To see a simple example of how this works, consider D=-2 and F=1, where I'll copy from a recent post tonight:
x^2 - 2y^2 = 1, is you'll note followed by
z^2 - 2(x+y)^2 = -1
and the next in the series is w^2 - 2(x+y+z)^2 = 1,
so you just get this flipping back and forth, and with one solution at the start you can get the solutions that follow, so with x=3, and y=2, you have next that
z^2 - 2(5)^2 = -1, so z^2 = 49, so z=7, and then you have
w^2 - 2(3+2+7)^2 = 1, so w^2 - 2(144) = 1, so w^2 = 289 and w=17.
So I got from knowing that 3,2 is a solution for x^2 - 2y^2 = 1, 17, 12 is also a solution and that 5,7 is a solution to x^2 - 2y^2 = -1.
And that is kind of to help you see that there is no doubt about the mathematics and if you want to make your own simple examples you might try
x^2 + y^2 = 25, or even x^2 + y^2 = 5, as you don't have to use a square.
As to why this result is important: well it discretizes in a complete theory all conic sections, except again for D=-1 which is just the factoring result, that is x^2 - y^2 = F.
Also there is 2000 years of other mathematical ways of doing what the little bit of mathematics I showed you can let you do, where I'll say that the general solution is about residues.
Also you can tell if there is an integer solution to
c_1*x^2 + c_2*xy + c_3*y^2 = c_4 + c_5*x + c_6*y
by checking if A is a quadratic residue modulo B^2 - 4AC, AND B^2 - 4AC is a quadratic residue modulo A.
If you boil all the mathematics and theory down to the nitty-gritty I think it's not a lot of pages, while my paper covering it all, including an example is 10 pages, but I used 12 point type.
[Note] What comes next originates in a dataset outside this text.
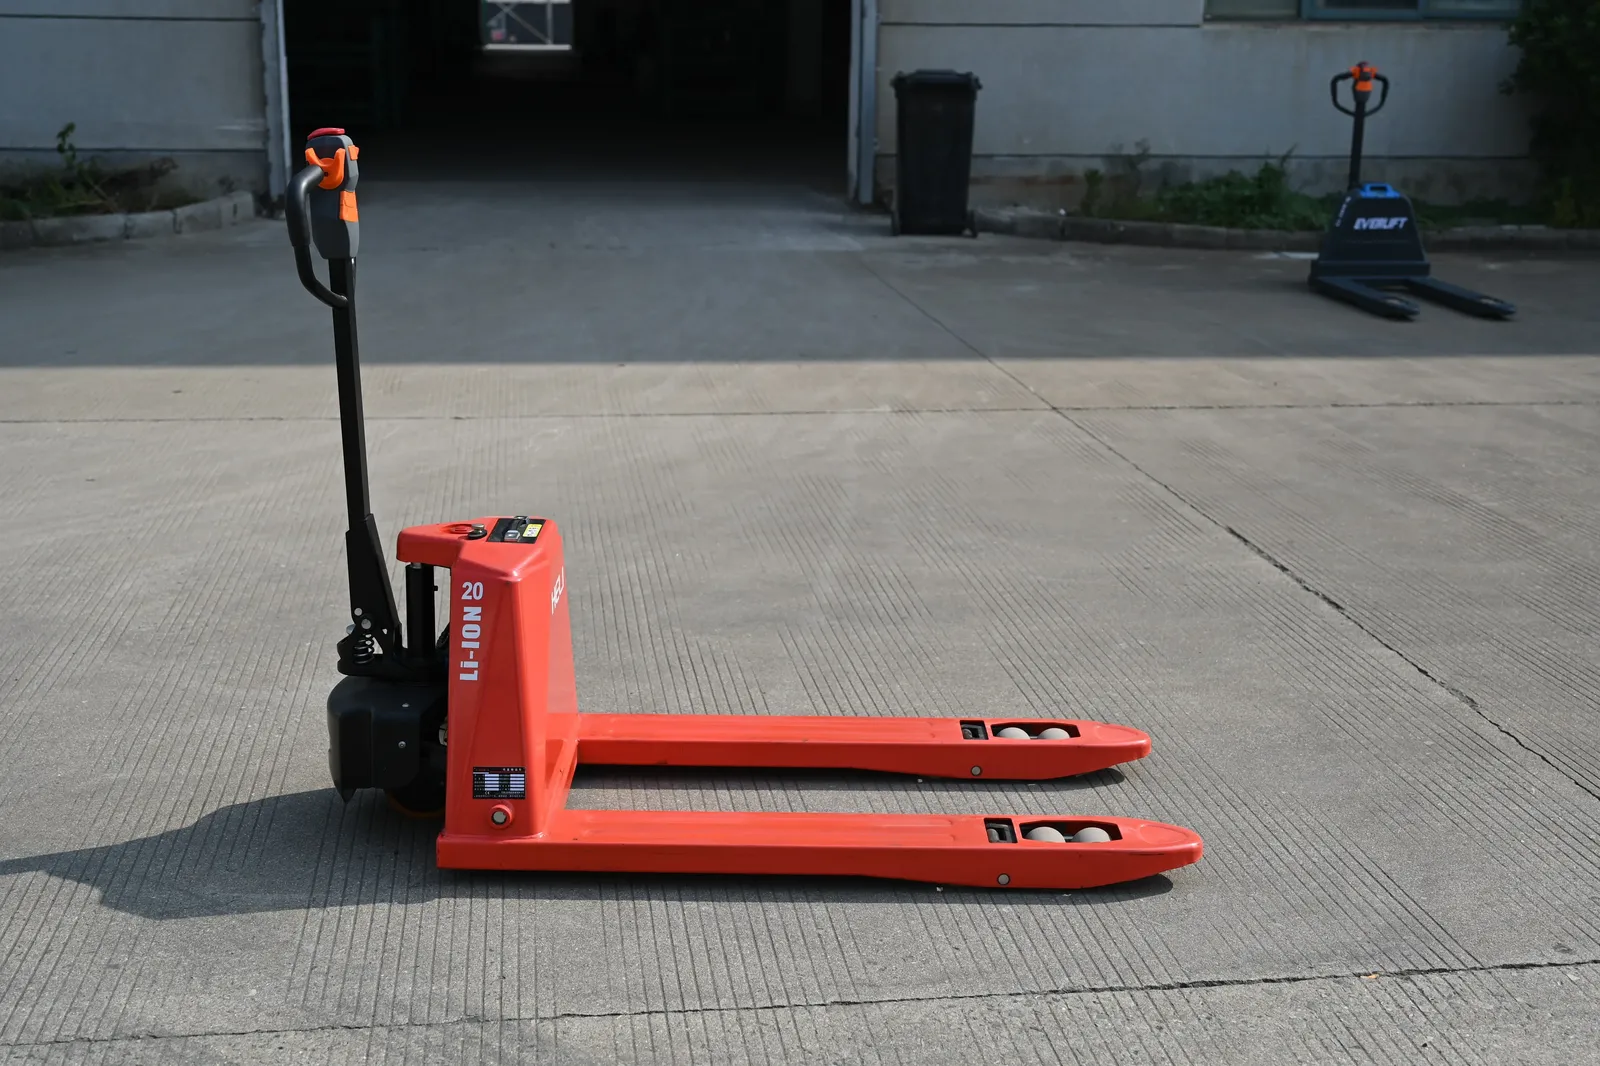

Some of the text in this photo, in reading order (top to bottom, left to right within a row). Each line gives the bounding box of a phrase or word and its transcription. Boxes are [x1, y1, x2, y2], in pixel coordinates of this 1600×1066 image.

[1353, 216, 1408, 231] EVERLIFT
[461, 581, 484, 600] 20
[460, 606, 482, 681] Li-ION
Obviously for me there is gratification with a result I THINK math people who argue with me cannot deny, or lie about, or do all that other annoying stuff, but I have to still be concerned that they will try and, gasp, might get away with it!
So why? Why might they?
Well mathematics is another world in terms of how its people see their discipline and I'm an upstart, upsetting a lot of applecarts who proved Fermat's Last Theorem. Found a result key to resolving the Riemann Hypothesis, and did other things besides including giving a rather good definition of mathematical proof. Google it. I know, I say that a lot, but it's rather wild! No other human being in the world can tell you to do the same. No one.
And I am from the physics world. Not the math world. And I've said nasty things about their world and how it operates.
But that was then. I'm looking to be a much nicer guy unless the political fighting keeps going, and then I take back being nice and go back to the other way. Maybe not productive but it made me feel better.
After all, all joking aside, I have had major mathematical results now for over 6 years, where my reward from the world has been the label of crackpot and watching mathematicians either deliberately do nothing when I knew I'd proven to them what I'd accomplished, or call me nasty names and work to convince other people that I am crazy.
How would YOU behave if you were in my situation?
Think you'd even still be here?
Imagine you had some incredible physics result, did everything right, had a tremendous amount of proof, including replicated experimental results and rather than give you your Nobel prize—physics people mostly just ignored you or called you crazy, for year after year after year.
Think you'd survive it? Think carefully.
After all, what then would you believe in?
And, in case you missed the result, I found that given a quadratic Diophantine equation in 2 variables:
c_1*x^2 + c_2*xy + c_3*y^2 = c_4 + c_5*x + c_6*y
I could prove that solutions to it required solutions to
(2A(x+y) - B)^2 - 4Az^2 = B^2 - 4AC
where A, B and C are given by
A =(c_2 - 2c_1)^2 + 4c_1*(c_2 - c_1 - c_3)
B = 2(c_2 - 2c_1)*(c_6 - c_5) + 4c_5*(c_2 - c_1 - c_3)
and
C = (c_6 - c_5)^2 - 4c_4*(c_2 - c_1 - c_3)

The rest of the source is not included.